Nice article on how greenhouses (real ones) really work.

On Facebook, for more “discussion:”

I don’t have the physics or the math to really dig into it and I’m just going to sit back and read the stuff as it comes to my attention. However, I do suspect that a lot of the “discussion” is due to poor choice of terminology and a smearing of definitions.

For example: Can a cooler object warm a warmer object? You’ll be warmer inside your Igloo than you will be outside of it and you’ll be warmer in a nice coat or blanket than without. Yet all are cooler than you and they still “warm” you. But does the atmosphere and IR work the same way?

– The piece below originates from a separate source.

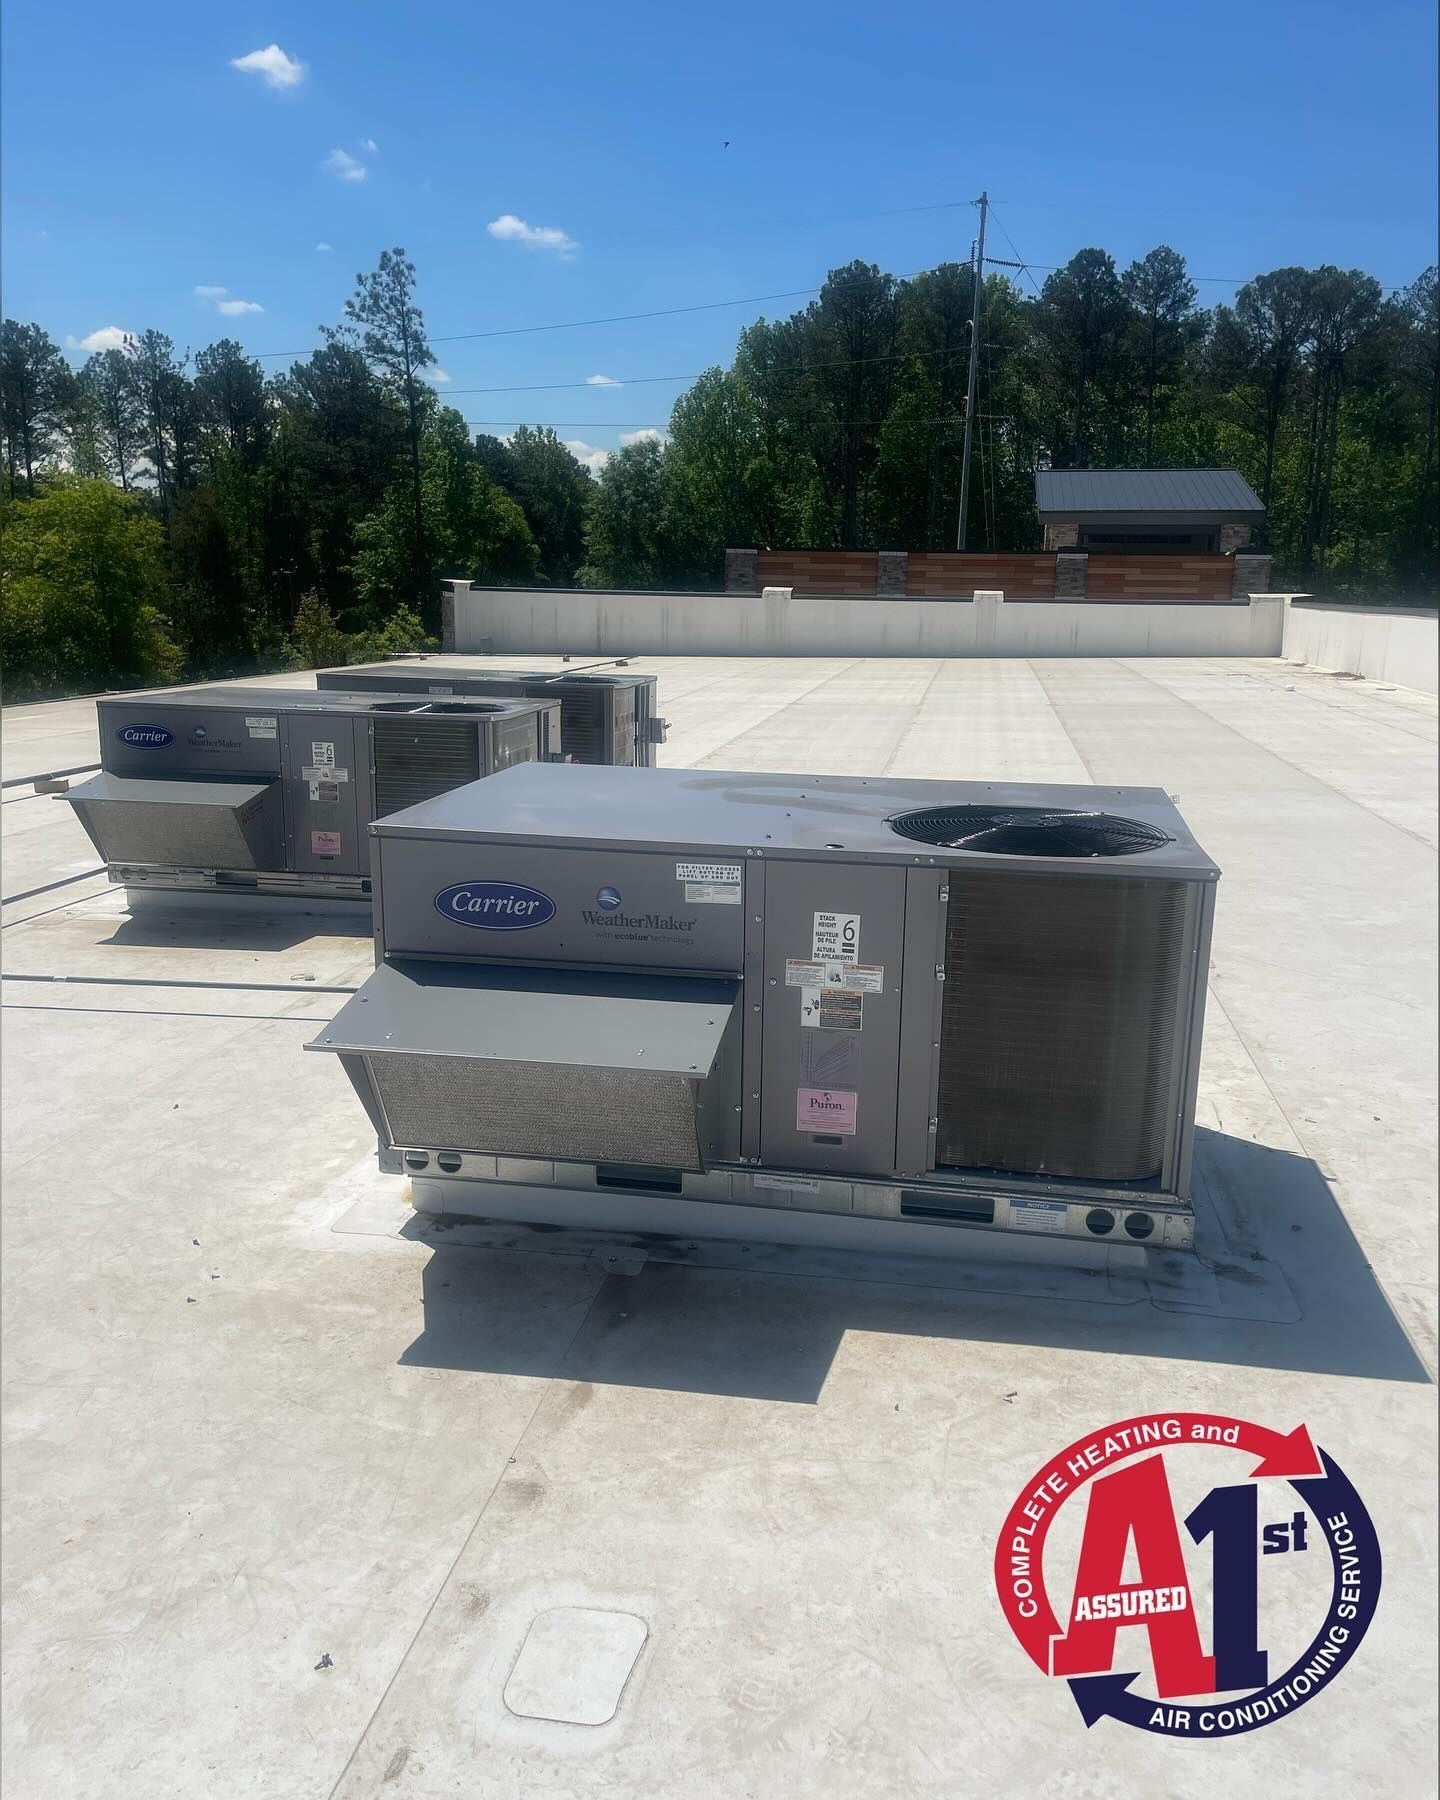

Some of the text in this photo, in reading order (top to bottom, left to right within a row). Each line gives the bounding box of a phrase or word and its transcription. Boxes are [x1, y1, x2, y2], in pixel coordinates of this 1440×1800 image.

I think everyone agrees the the atmosphere is warmer with an atmosphere than without, right? And with much less day/night variation than it would have with no atmosphere (eg: the moon.)

And from there it gets more interesting… 🙂

So, I’m going to link to the “Yes!” and “No!” posts as I find them. This post will be updated periodically. Perhaps a conclusion or common ground will be reached, someday. Till then, I’m reaching for the popcorn.

(update note: I’m on the “yes” side, though “greenhouse” is a lousy term.)

(Another update note: Can a “greenhouse gas,” in theory, back-radiate to warm the surface? Yes. (See below.) Does it? I say yes. Is CO2 a significant player in this? No, water vapor vastly overwhelms CO2.)

Yes, There IS a GH Effect.

Dr. Roy Spencer has challenged the Slayers (of the GH effect theory, to either “put up or shut up.”

Eschenbach on the The R. W. Wood Experiment

No, There is NOT a GH Effect

Principia Scientific responds to Dr. Spencer’s challenge.

Climate of Sophistry responds to Eschenbach

 

JoNova:

Radical New Hypothesis on the Effect of Greenhouse Gases: Michael Hammer, an engineer who specializes in spectroscopy, is also sceptical of the GCM but his criticism is more fundamental.  In the following paper, using the basic laws of spectroscopy, he shows that a significant portion of energy loss from the Earth’s surface is by direction radiation to space at wavelengths not absorbed by carbon dioxide and other greenhouse gases.
Convection, Venus, Thought Experiments and Tall Rooms Full of Gas – A Discussion
 Luboš Motl: SciAm, Gavin Schmidt despise climate facts American Thinker: The Hidden Flaw in Greenhouse Theory
On WUWT: Simple experiment shows that a hotter object can, in fact, be warmed by a cooler one. Light bulb experiment. two

I think this sums it up very nicely. 

OldWeirdHarold says: (wuwt comment, from the light bulb experiment) May 28, 2013 at 9:51 am

Years ago, in a statistical mechanics lesson in P-chem, the prof, after wading through an insufferable derivation, drew an interesting conclusion. In a hurricane, over 40% of the molecules are moving against the direction of the wind. If they were all moving the the same direction, they’d be moving at the speed of sound.

The conceptual error that the Skydragons are making is failing to distinguish between individual dynamics and population dynamics. Just as a large percentage of the molecules in a hurricane move against the wind, a large percentage of the photons can and do move counter to the net heat flow, which implies moving counter to the thermal gradient.

The Second Law is an emergent phenomenon that applies to populations. It doesn’t apply to individual particles.

And this: 

(link) GE R&D center developed an incandescent bulb back in the late 1980′s (and GE lighting commercialized it in the 1990′s) that placed a spherical clear glass shell around the filament. The shell was coated with a multilayer (anywhere from 15 – 30 separate layers) optical filter that reflects mid infrared back onto the filament, while allowing visible light to pass through. The result is that a lower filament current can achieve the same filament temperature, thanks to the mid infrared energy being reflected back to the filament. This results in a 15% – 20% increase in lumens/Watt.

GE’s research into IR reflecting films

And I think this one ends the discussion about “back-radiation.”

It is well known that the efficiency of incandescent lamps could be greatly increased if the radiated energy in the near IR region could be returned to the tungsten filament and REABSORBED.